Major Federal Loan Overhaul Takes Effect July 1, 2026, Capping Lifetime Borrowing
A new federal law imposes strict lifetime and annual loan limits and eliminates Graduate PLUS loans, reshaping financing for graduate and professional programs at elite institutions.
July 6, 2026 · 2 min read
Significant federal student loan reforms, part of the 'One Big Beautiful Bill Act,' officially took effect on July 1, 2026, introducing strict new borrowing caps and eliminating a key loan program for graduate students. These changes will directly impact financing strategies for graduate and professional programs at elite universities, where costs often exceed the new federal limits.
New Lifetime and Annual Caps The most consequential change is a new aggregate lifetime borrowing limit of $257,500 for all federal student loans, as detailed by Washington State University's financial aid office. This cap applies to the total of a student's undergraduate and graduate federal borrowing. Furthermore, annual borrowing for graduate and professional students is now capped at $20,500 per year, with a separate lifetime sub-limit of $100,000 for graduate study, according to The College of New Jersey's financial aid update. These figures represent a significant reduction from previous, much higher limits and will force many students at high-cost institutions to seek alternative funding sources much sooner.
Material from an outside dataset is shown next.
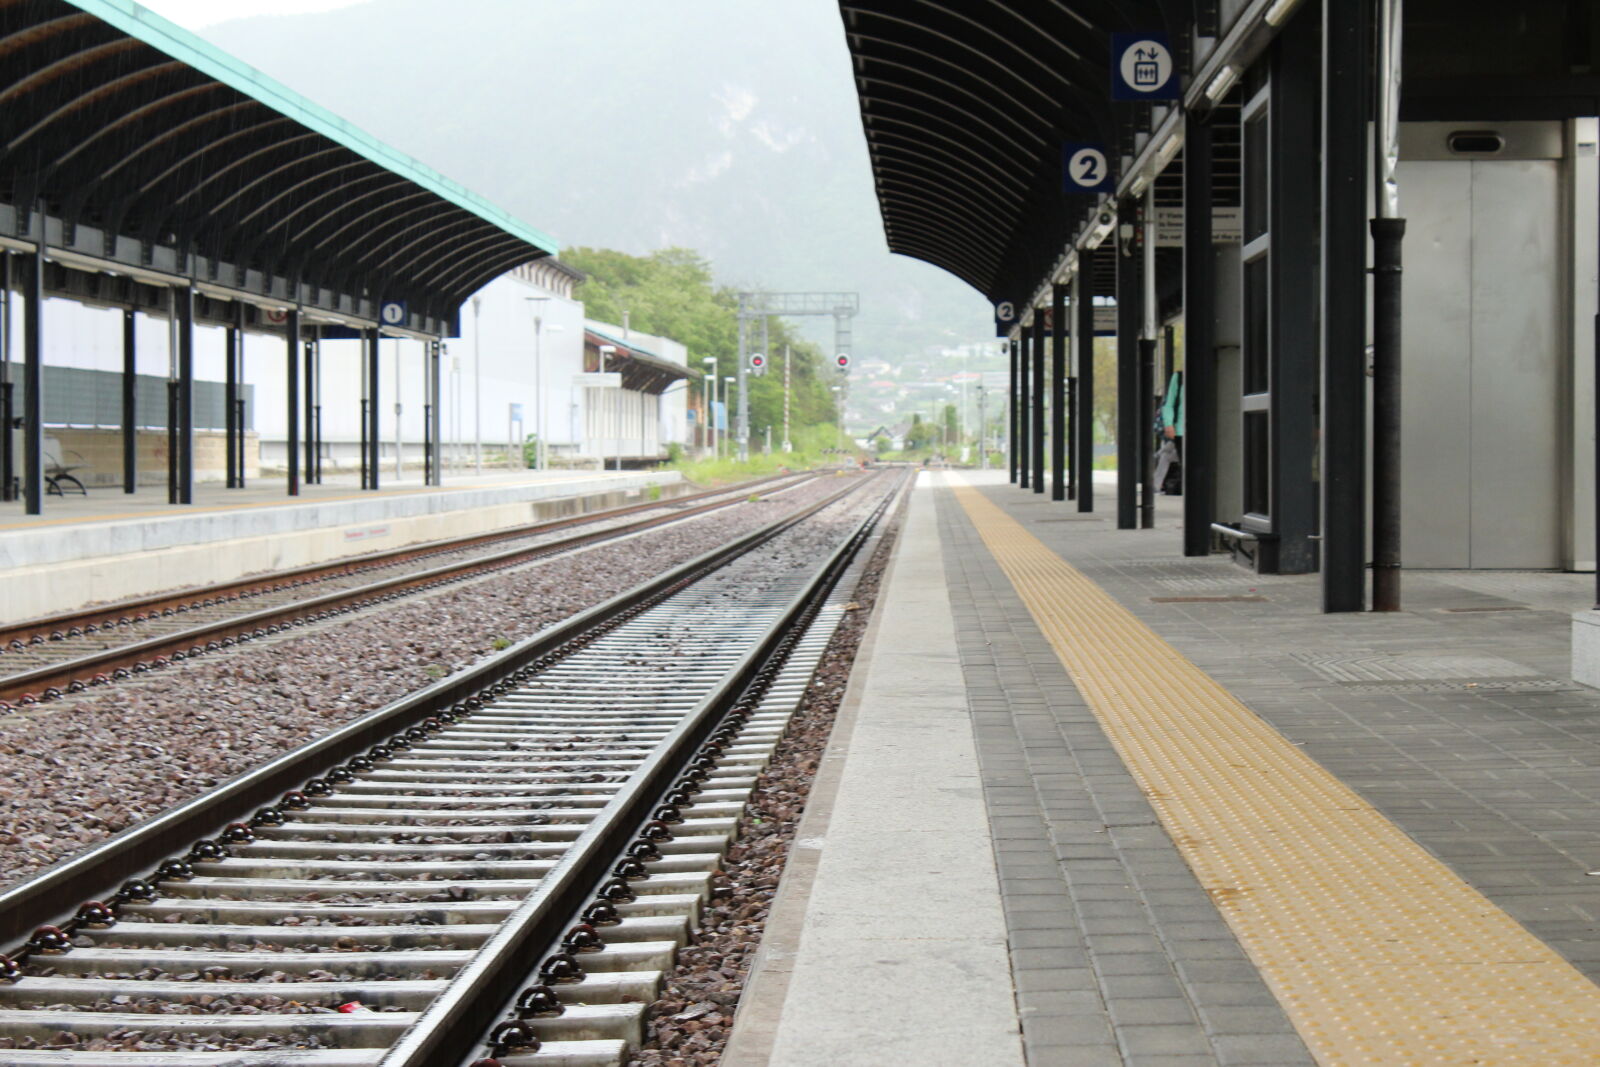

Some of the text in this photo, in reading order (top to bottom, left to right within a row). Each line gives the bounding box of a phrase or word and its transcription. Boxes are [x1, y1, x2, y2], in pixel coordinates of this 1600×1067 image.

[1079, 155, 1098, 180] 2
[390, 307, 396, 320] 1
[1002, 305, 1011, 318] 2
Elimination of Graduate PLUS Loans A pivotal shift for professional programs is the elimination of the federal Graduate PLUS loan program for new borrowers, as confirmed by the University of Iowa's financial aid office. Previously, Graduate PLUS loans allowed students to borrow up to the full cost of attendance, minus other aid, with no annual or aggregate maximum. This program was a critical financing tool for expensive degrees in medicine, law, and business. Its removal, coupled with the new caps, creates a substantial federal funding gap for students attending elite, high-tuition graduate schools.
While these changes apply to all federal loan borrowers, they are particularly consequential for families navigating the high-stakes financing of selective graduate and professional programs. Students targeting these elite pathways must now plan for a heavier reliance on institutional aid, private loans, or personal resources to cover costs that exceed the new federal limits.
This analysis may include estimates and projections compiled from public and primary sources. Figures can change — verify deadlines and policies with each school before acting on them.